Another excellent piece of material for obtaining excitement in Germany is the simple domestic perambulator. What you may do with a "kinder-wagen," as it is called, and what you may not, covers pages of German law; after the reading of which, you conclude that the man who can push a perambulator through a German town without breaking the law was meant for a diplomatist. You must not loiter with a perambulator, and you must not go too fast. You must not get in anybody's way with a perambulator, and if anybody gets in your way you must get out of their way. If you want to stop with a perambulator, you must go to a place specially appointed where perambulators may stop; and when you get there you must stop. You must not cross the road with a perambulator; if you and the baby happen to live on the other side, that is your fault. You must not leave your perambulator anywhere, and only in certain places can you take it with you. I should say that in Germany you could go out with a perambulator and get into enough trouble in half an hour to last you for a month. Any young Englishman anxious for a row with the police could not do better than come over to Germany and bring his perambulator with him.
In Germany you must not leave your front door unlocked after ten o'clock at night, and you must not play the piano in your own house after eleven. In England I have never felt I wanted to play the piano myself, or to hear anyone else play it, after eleven o'clock at night; but that is a very different thing to being told that you must not play it. Here, in Germany, I never feel that I really care for the piano until eleven o'clock, then I could sit and listen to the "Maiden's Prayer," or the Overture to "Zampa," with pleasure. To the law-loving German, on the other hand, music after eleven o'clock at night ceases to be music; it becomes sin, and as such gives him no satisfaction.

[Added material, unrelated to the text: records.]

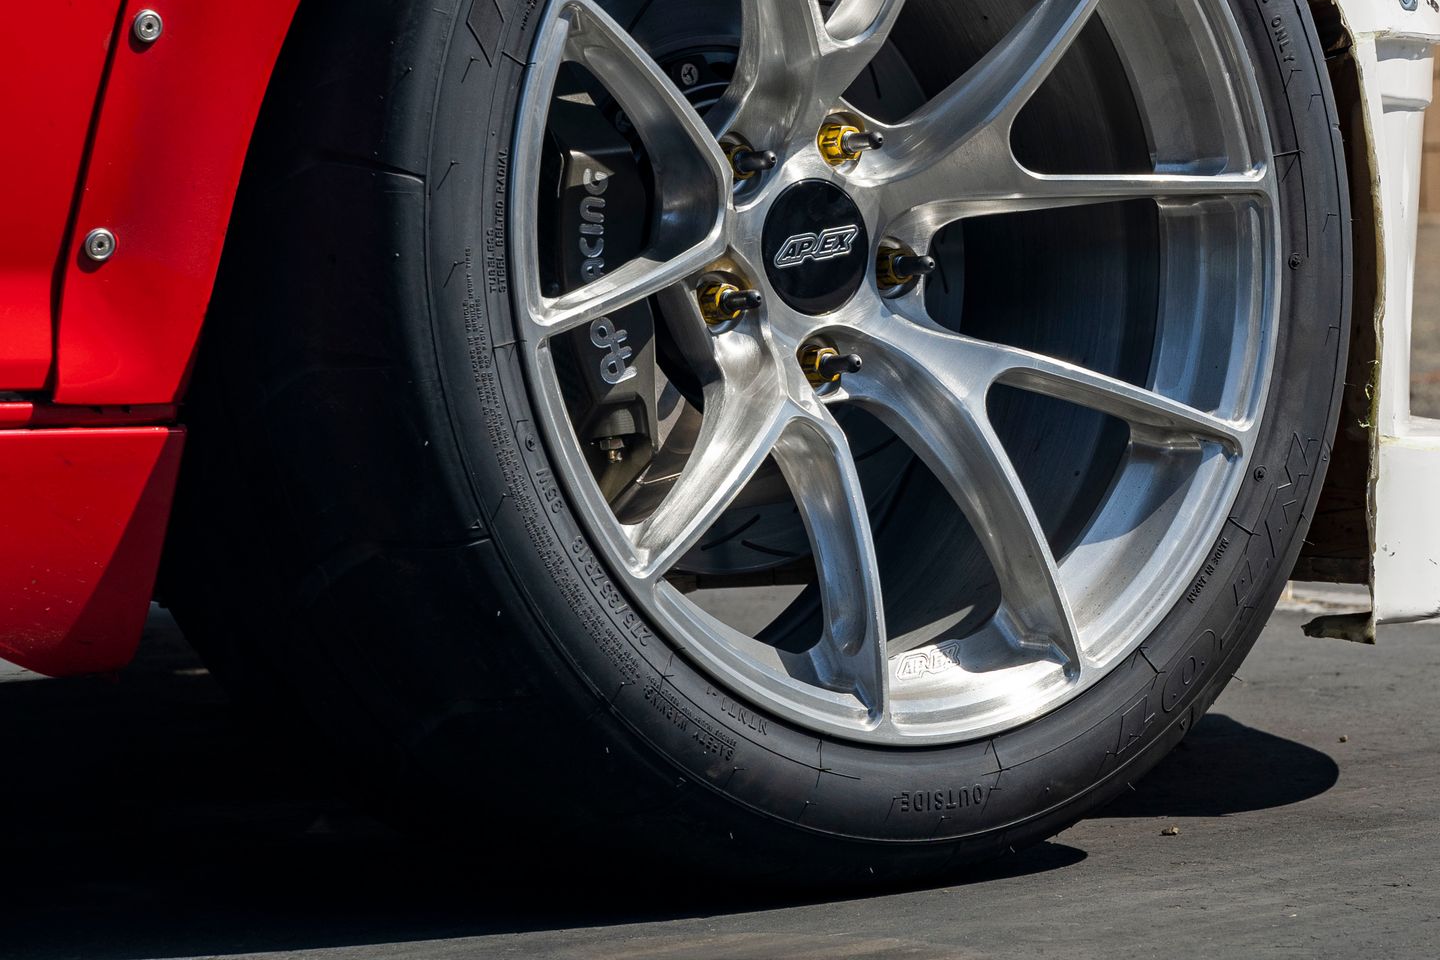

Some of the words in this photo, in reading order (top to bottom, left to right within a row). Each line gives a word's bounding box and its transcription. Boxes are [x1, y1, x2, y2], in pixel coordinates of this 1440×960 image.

[1270, 15, 1294, 64] ONLY
[496, 147, 508, 195] RADIAL
[579, 167, 609, 285] ACING
[777, 226, 855, 265] APEX
[497, 253, 506, 294] STEEL
[536, 467, 563, 513] 95W
[1204, 563, 1214, 577] IN
[1211, 536, 1229, 565] MADE
[570, 538, 651, 647] 275/35ZR18
[1186, 575, 1207, 604] JAPAN
[899, 643, 959, 679] APEX
[693, 728, 732, 762] SAFETY
[900, 786, 984, 809] OUTSIDE
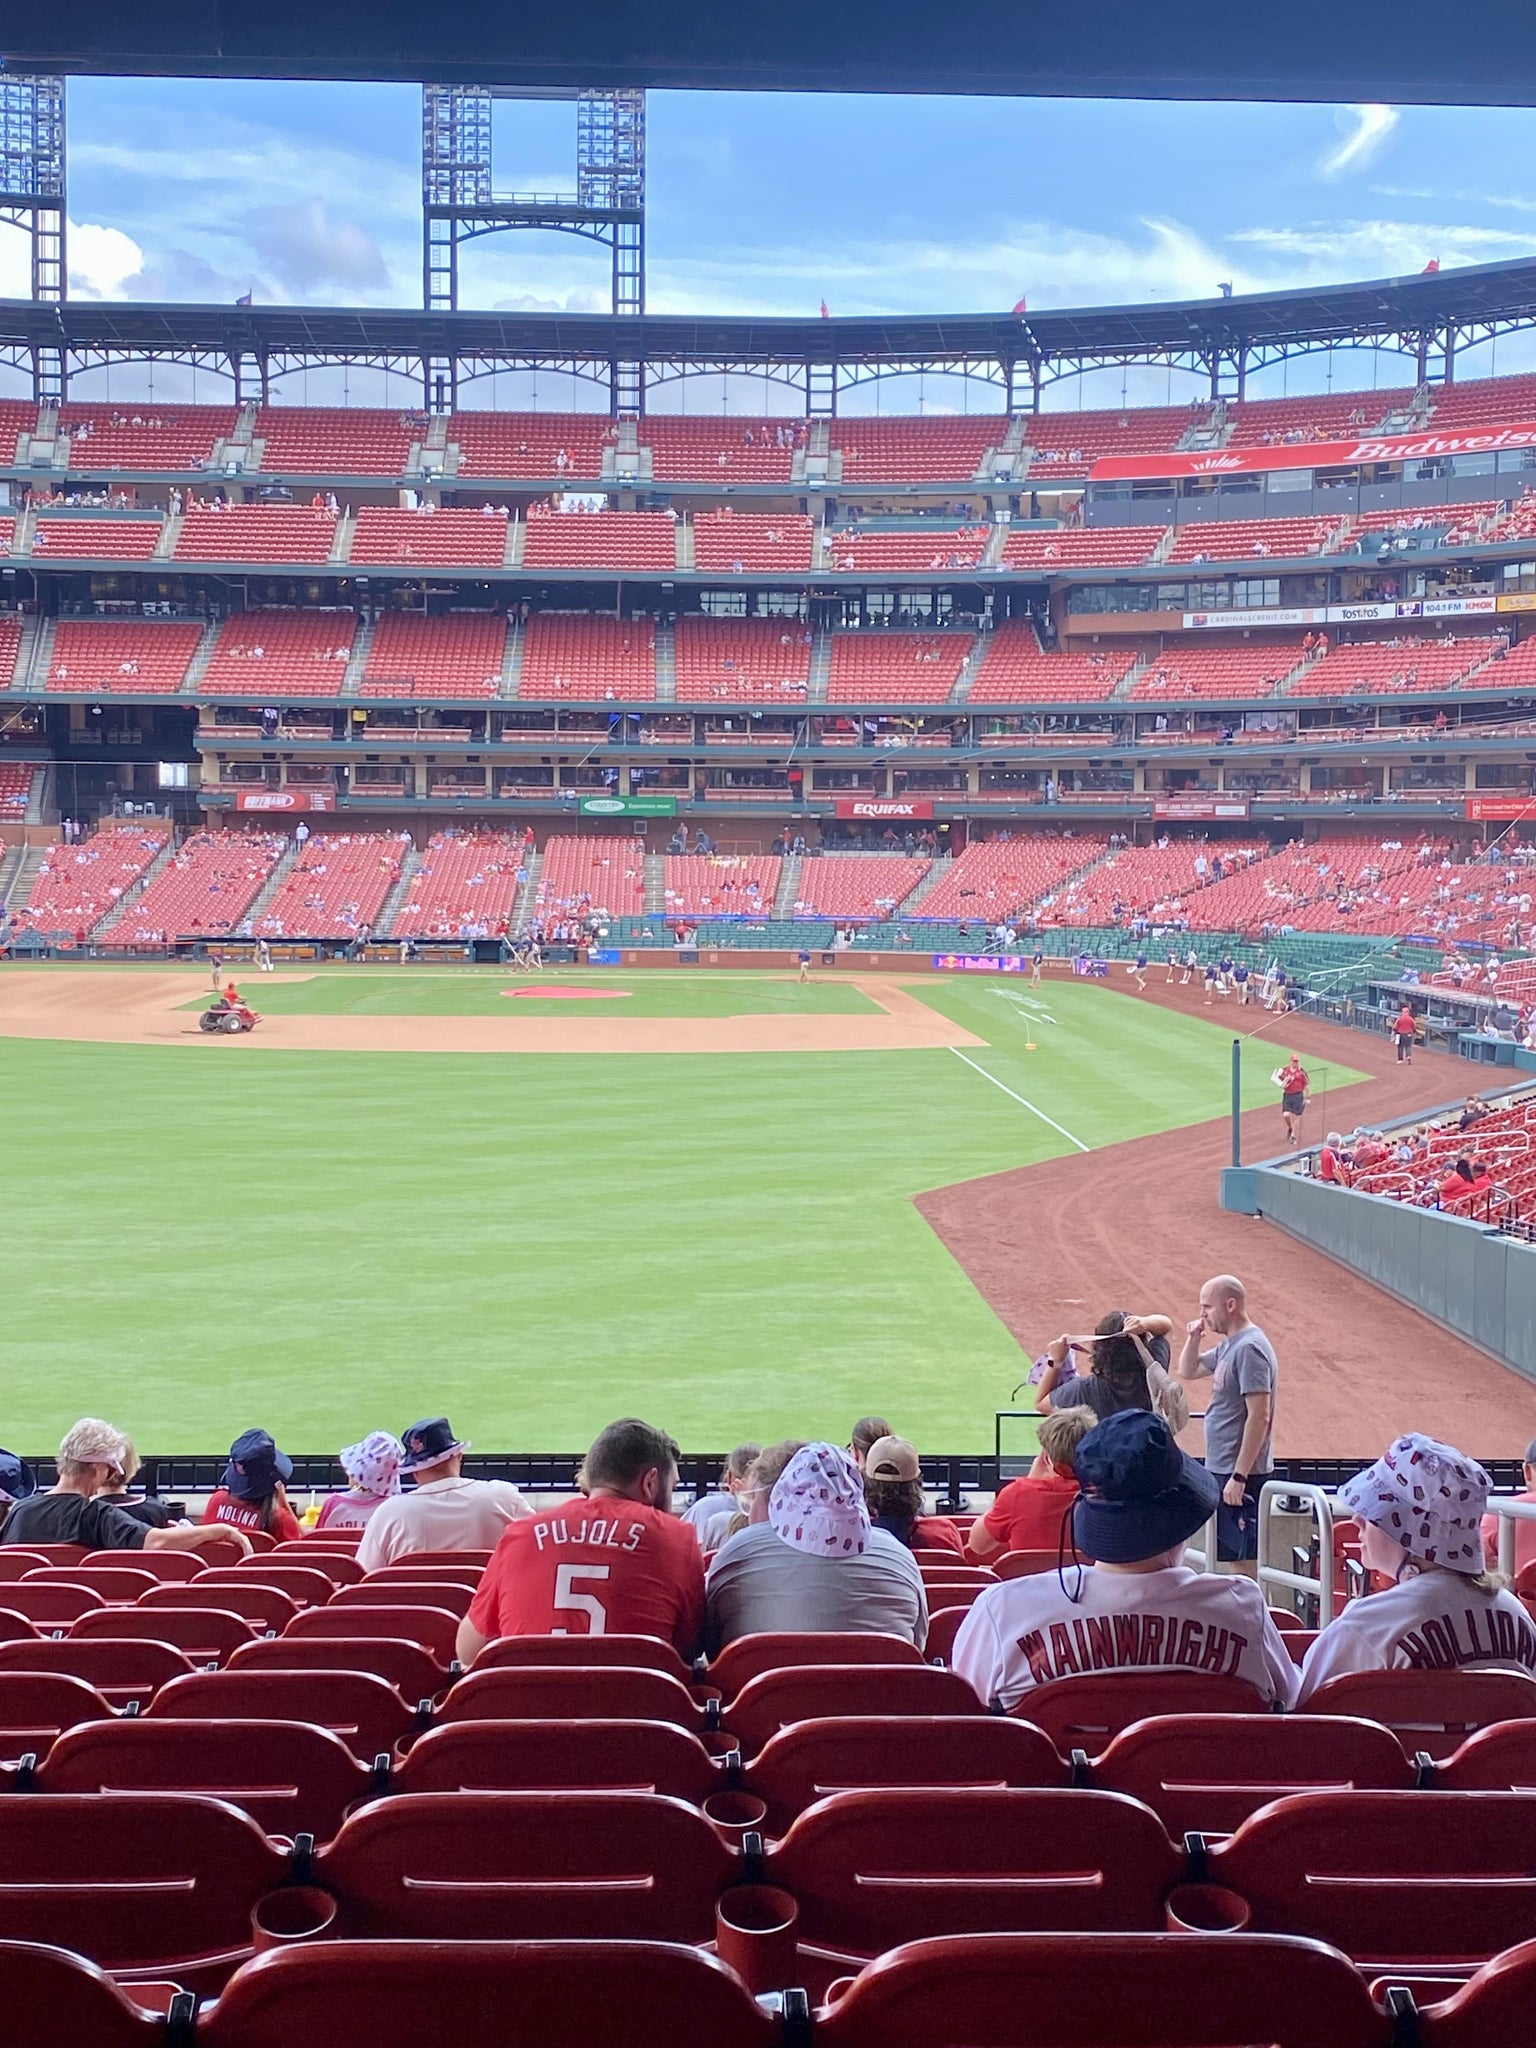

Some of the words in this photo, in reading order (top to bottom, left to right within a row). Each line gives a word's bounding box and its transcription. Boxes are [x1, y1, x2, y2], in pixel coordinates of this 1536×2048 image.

[1343, 429, 1536, 460] Budweis
[1342, 607, 1379, 619] TOSTITOS
[1448, 603, 1461, 611] FM
[1465, 600, 1493, 610] KMOX
[853, 803, 915, 817] EQUIFAX
[216, 1505, 258, 1528] MOLINA
[533, 1519, 646, 1551] PUJOLS
[552, 1564, 610, 1635] 5
[1016, 1614, 1248, 1684] WAINWRIGHT
[1397, 1608, 1536, 1670] HOLLIDA

The only individual throughout Germany who ever dreams of taking liberties with the law is the German student, and he only to a certain well-defined point. By custom, certain privileges are permitted to him, but even these are strictly limited and clearly understood. For instance, the German student may get drunk and fall asleep in the gutter with no other penalty than that of having the next morning to tip the policeman who has found him and brought him home. But for this purpose he must choose the gutters of side-streets. The German student, conscious of the rapid approach of oblivion, uses all his remaining energy to get round the corner, where he may collapse without anxiety. In certain districts he may ring bells. The rent of flats in these localities is lower than in other quarters of the town; while the difficulty is further met by each family preparing for itself a secret code of bell-ringing by means of which it is known whether the summons is genuine or not. When visiting such a household late at night it is well to be acquainted with this code, or you may, if persistent, get a bucket of water thrown over you.

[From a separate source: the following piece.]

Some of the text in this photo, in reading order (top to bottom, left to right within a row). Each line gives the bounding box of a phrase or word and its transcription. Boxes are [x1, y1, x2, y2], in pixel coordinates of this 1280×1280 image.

Also the German student is allowed to put out lights at night, but there is a prejudice against his putting out too many. The larky German student generally keeps count, contenting himself with half a dozen lights per night. Likewise, he may shout and sing as he walks home, up till half-past two; and at certain restaurants it is permitted to him to put his arm round the Fraulein's waist. To prevent any suggestion of unseemliness, the waitresses at restaurants frequented by students are always carefully selected from among a staid and elderly classy of women, by reason of which the German student can enjoy the delights of flirtation without fear and without reproach to anyone.
They are a law-abiding people, the Germans.